Should you join: Tabs
Inside the startup building the financial infrastructure for the token economy
✨ Hey there - this is a free edition of next play’s newsletter. This is part of our series Should You Join, where we go behind the scenes on interesting companies. Our hope is that documenting these sorts of details, which never really make it to big publication press releases, can help you a) discover more interesting opportunities and b) inspire you to think creatively (for any of your own endeavors). You can join our private Slack community here and access $1000s of dollars of product discounts here.
There is a term I recently heard for the first time: the financial singularity.
The ‘normal’ singularity, of course, is generally defined as the point at which self-improving AI triggers runaway growth beyond human control or prediction. Maybe you’ve heard of it.
The financial singularity, I was told, is different: “[it’s] the point at which the entire finance function runs autonomously, not just billing and collections. The entire contract to cash workflow. A contract comes in, the agent reads it, invoices the customer, follows up, applies the cash, recognizes the revenue, closes the books, and escalates only what genuinely needs a human.”
You can theorize about a number of potentially great outcomes for the world if this were to happen. Perhaps companies would get paid faster. Perhaps they would make more strategic decisions. Perhaps a team of one or two could run finance for a company doing $100M. Perhaps companies would grow faster and make better decisions and improve the world.
It’s now that I should tell you about the person who told me this term: Ali Hussain, CEO and co-founder of the AI revenue automation startup, Tabs, which I’m covering today.
While the ‘financial singularity’ sounds like a lofty idea, Tabs has spent the past three years shipping real products to help companies get there. To, more concretely, help companies close their books clean and fast. Do this, Ali believes, and you unlock a lot of downstream benefits.
Tabs has already raised over $90M from investors like Lightspeed, General Catalyst, and Primary, signed hundreds of customers, and grown ARR more than 5x in the last 18 months. The rest of this essay is designed to help you understand what Tabs is building, why it’s different, what it’s like to work there, and whether or not you should join.
The product
Somewhere in every business, there is one person (more often, dozens or hundreds of people) whose job is to turn signed contracts into accurately recognized money in the bank. An average day for a person like this might be: arrive at the office, open a signed contract, find the terms that matter, key them into a billing system, create a custom invoice, send the invoice, chase down the invoice, and accurately recognize the payment once it comes through.

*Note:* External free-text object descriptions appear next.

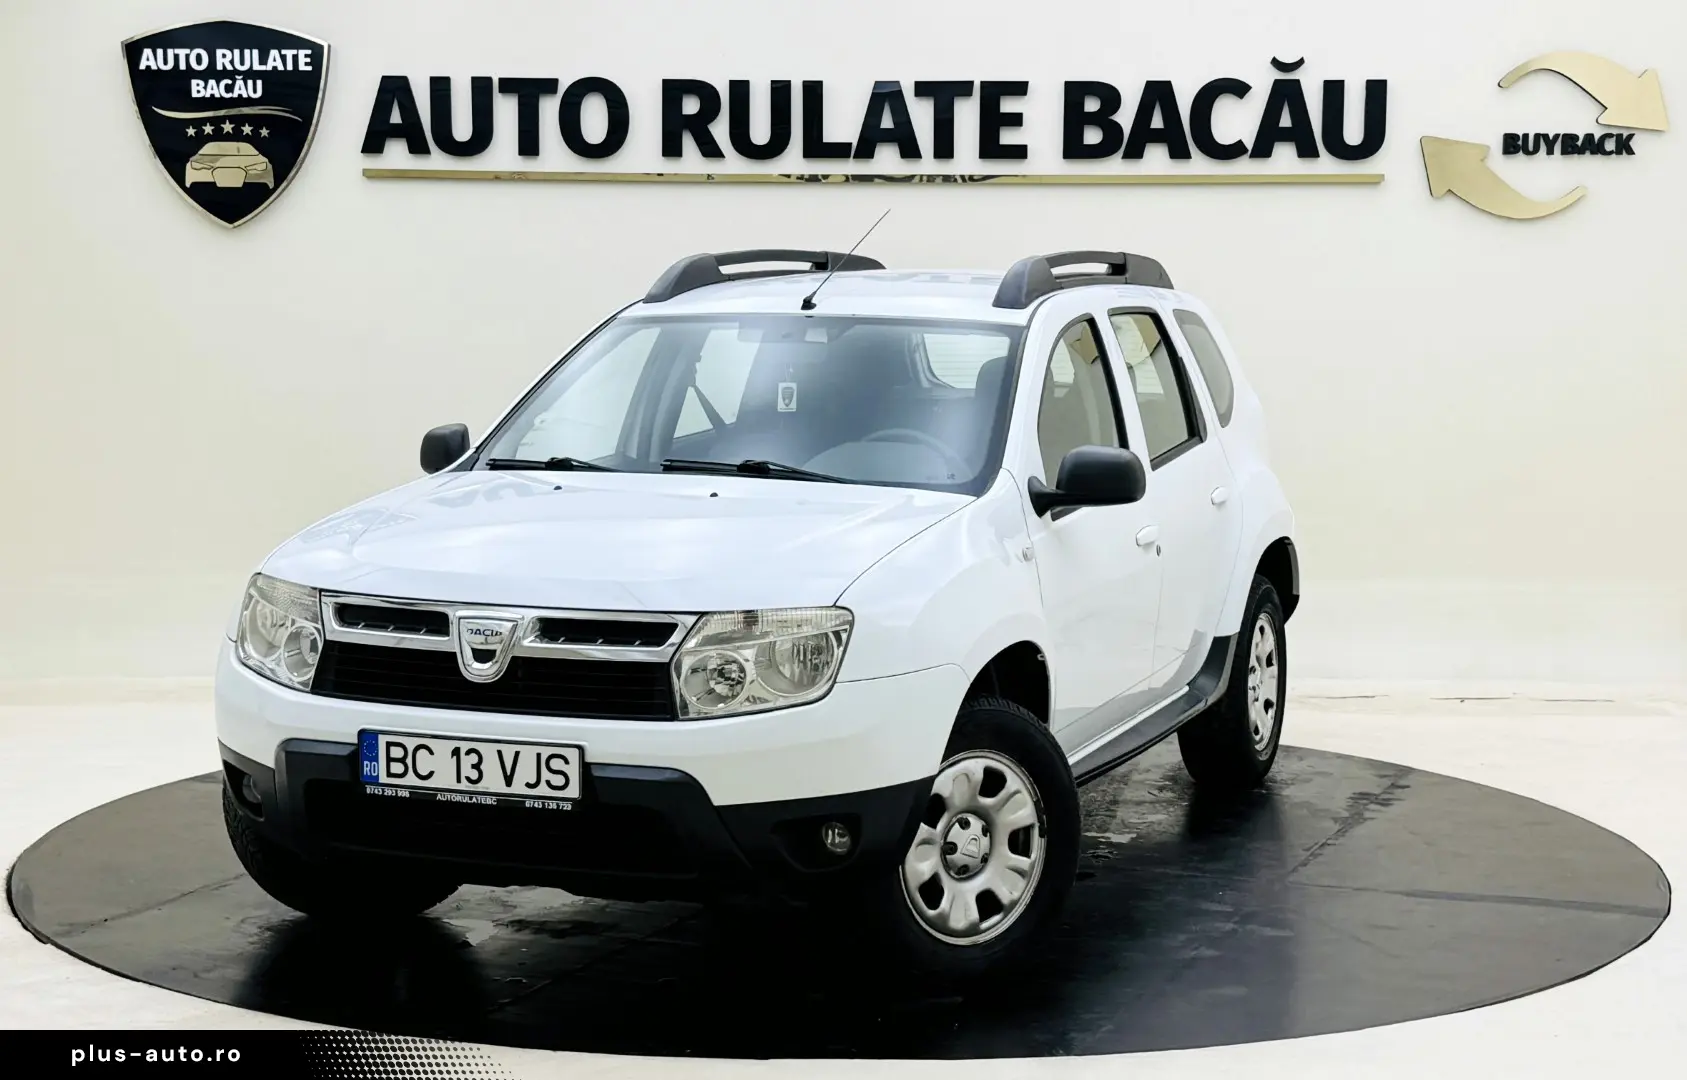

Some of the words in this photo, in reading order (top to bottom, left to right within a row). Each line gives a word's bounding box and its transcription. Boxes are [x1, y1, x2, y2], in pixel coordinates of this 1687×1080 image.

[139, 48, 209, 72] AUTO
[215, 47, 313, 72] RULATE
[190, 75, 263, 99] BACĂU
[361, 75, 630, 159] AUTO
[661, 78, 1030, 160] RULATE
[1062, 56, 1388, 162] BACĂU
[1502, 132, 1636, 157] BUYBACK
[363, 760, 379, 777] RO
[385, 740, 436, 781] BC
[450, 746, 484, 785] 13
[496, 749, 571, 792] VJS
[436, 793, 498, 806] AUTORULATEBC
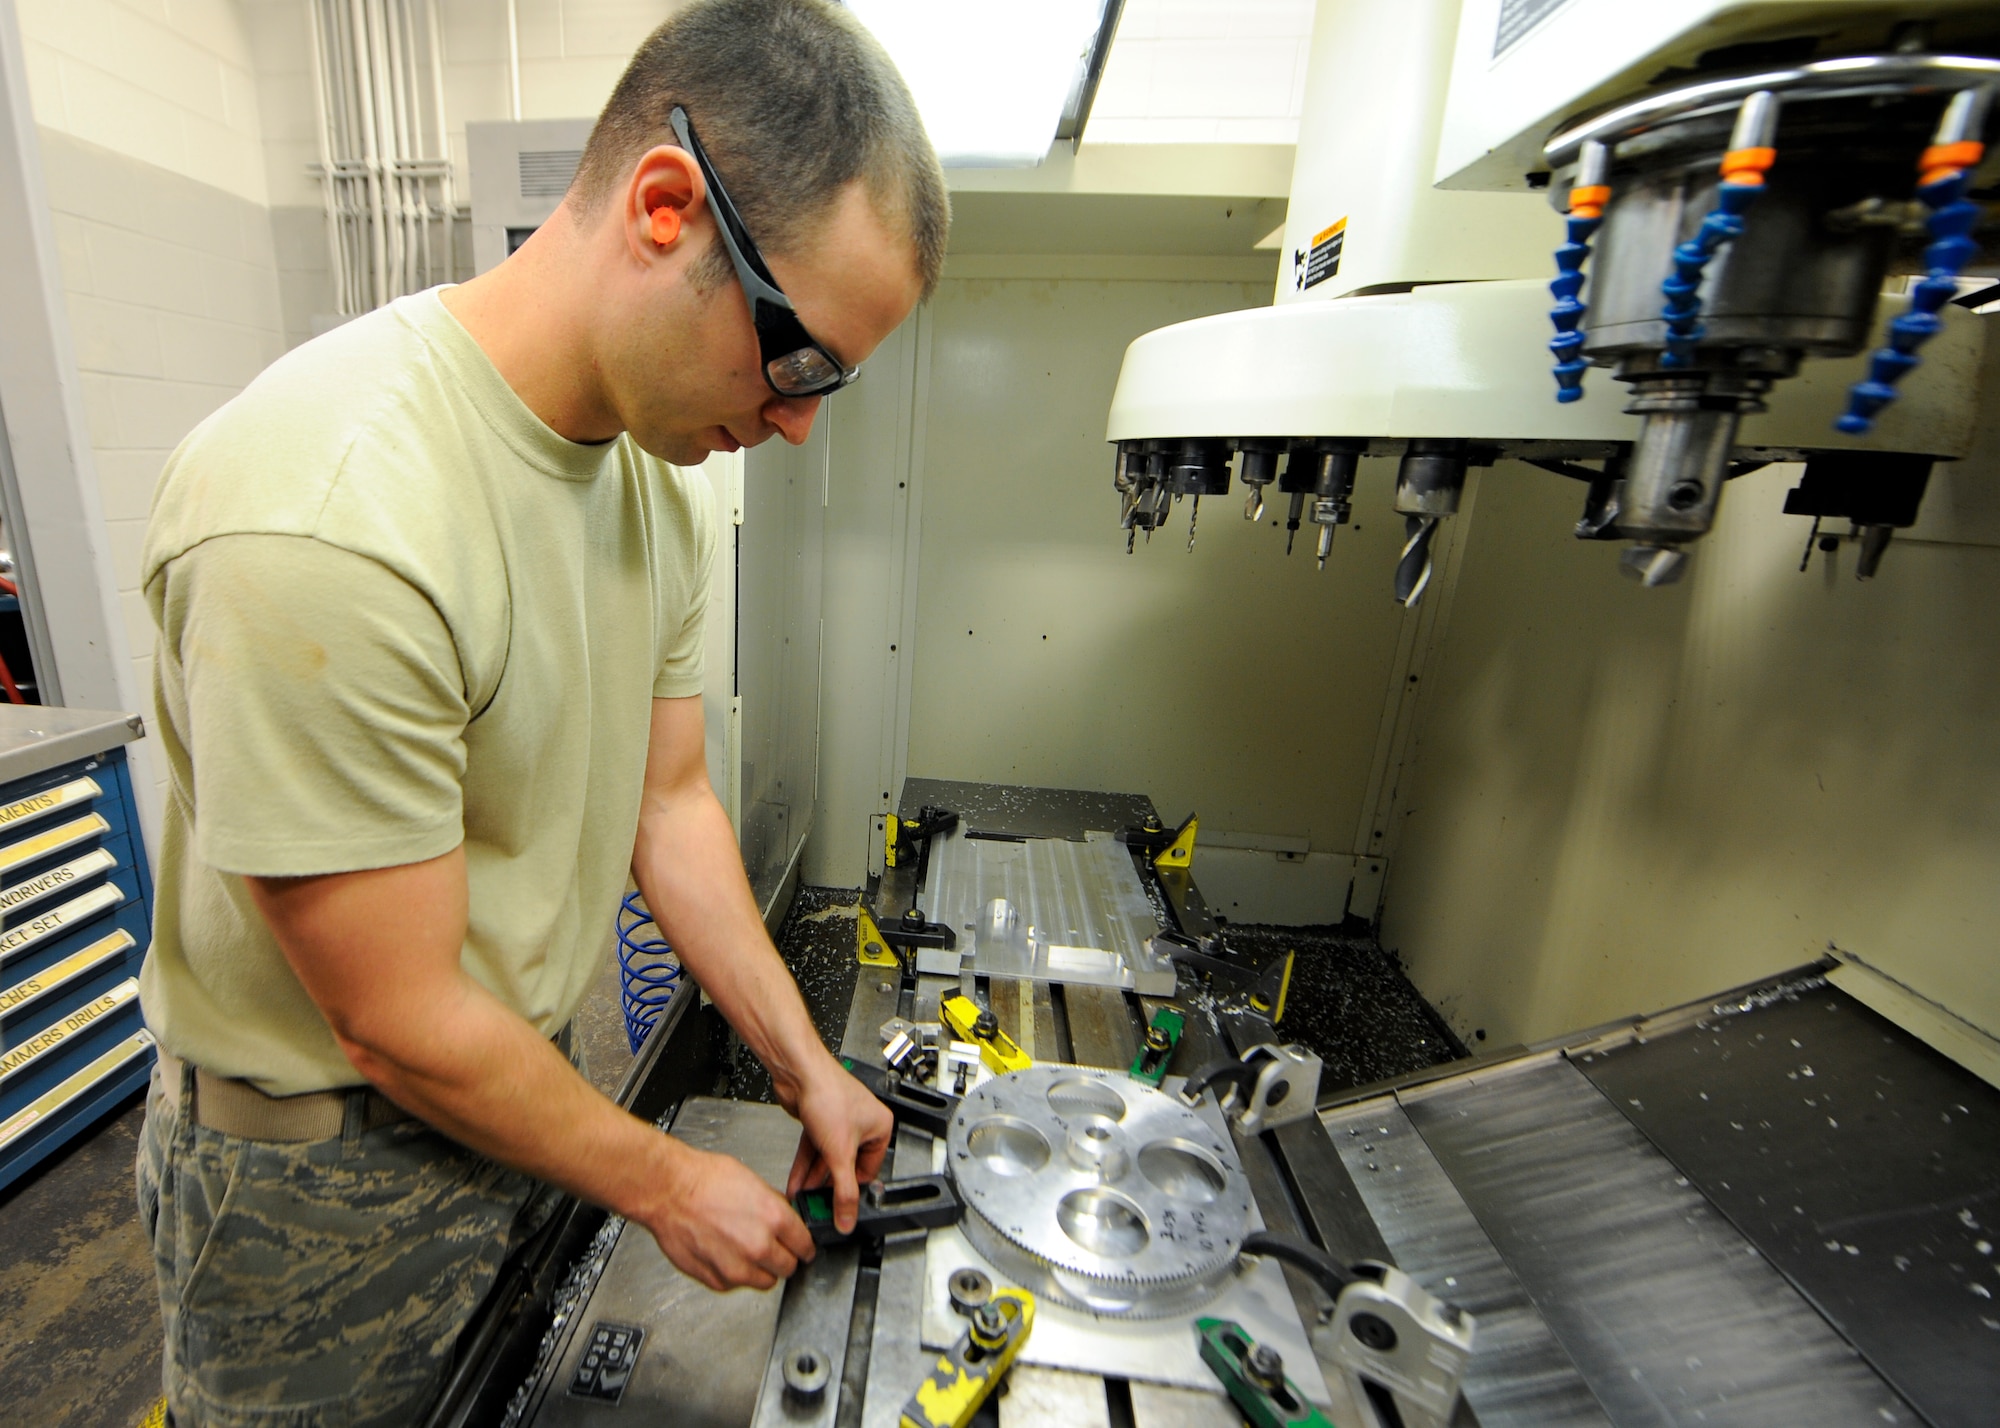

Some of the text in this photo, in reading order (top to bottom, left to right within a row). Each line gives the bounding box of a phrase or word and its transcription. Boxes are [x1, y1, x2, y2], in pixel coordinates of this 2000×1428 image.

[32, 912, 63, 934] SET
[65, 996, 116, 1031] DRILLS
[579, 1331, 610, 1382] step
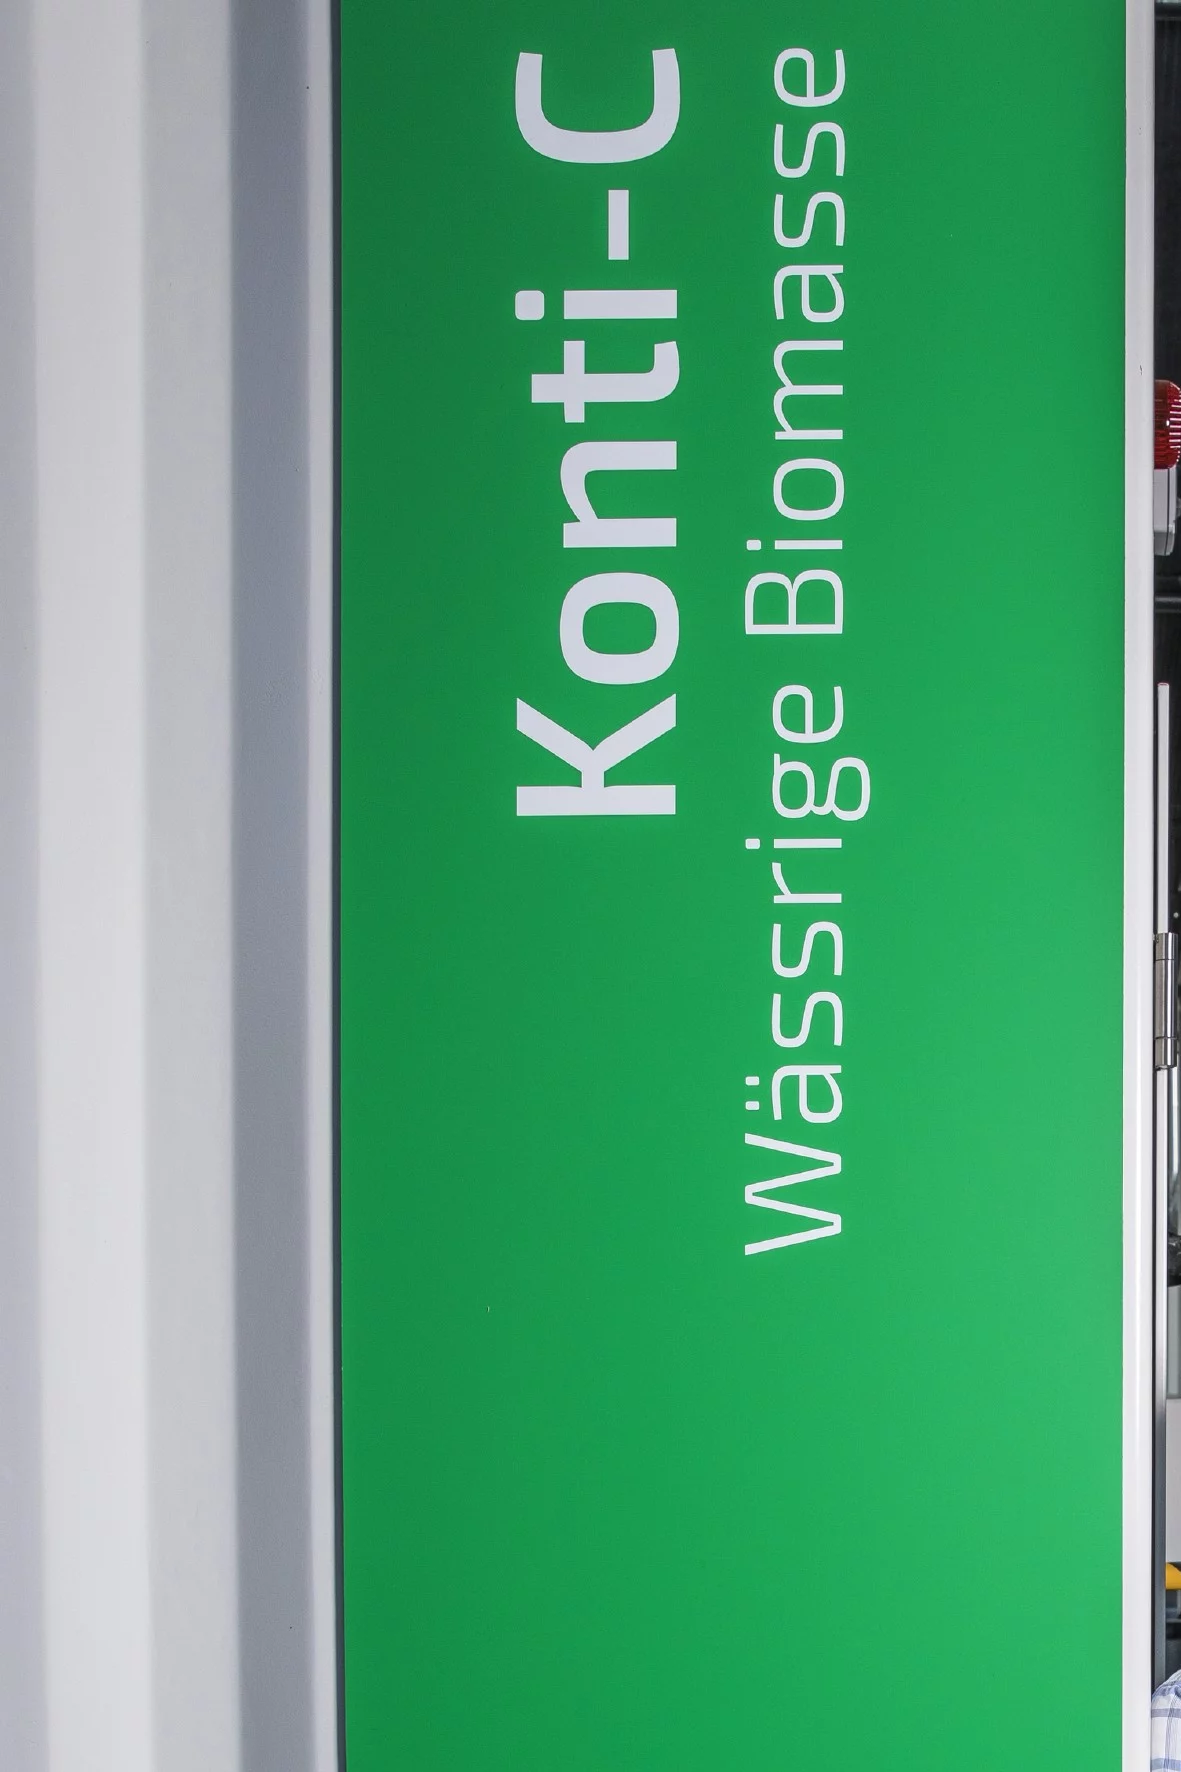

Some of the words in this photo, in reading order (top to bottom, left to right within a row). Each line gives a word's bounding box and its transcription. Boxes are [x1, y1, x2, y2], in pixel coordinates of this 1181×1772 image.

[515, 48, 681, 817] Konti-C
[745, 48, 846, 635] Biomasse
[745, 685, 871, 1256] Wässrige

Problems start to crop up as the company grows. One such problem is that, if you want to do this well, it requires a lot of manual work. Talented people spend hours every day doing fairly tedious, routine work. You can get software to automate some of this, but the existing software tends to be impersonal and templated. It’s a step-change but not a serious fix.
Inefficiencies, too, become the default. It takes too long to get paid. You aren’t sure which customers have paid what. Data lives in silos. It’s hard to understand the gap between what you’ve invoiced and what you will get paid. “If you get [this] right,” Ali said, “everything downstream (RevRec, forecasting, collections) gets easier. We’re building foundational infrastructure and the commercial context graph that has the data and context to truly make accounting & revenue the most strategic function in the company,” he said.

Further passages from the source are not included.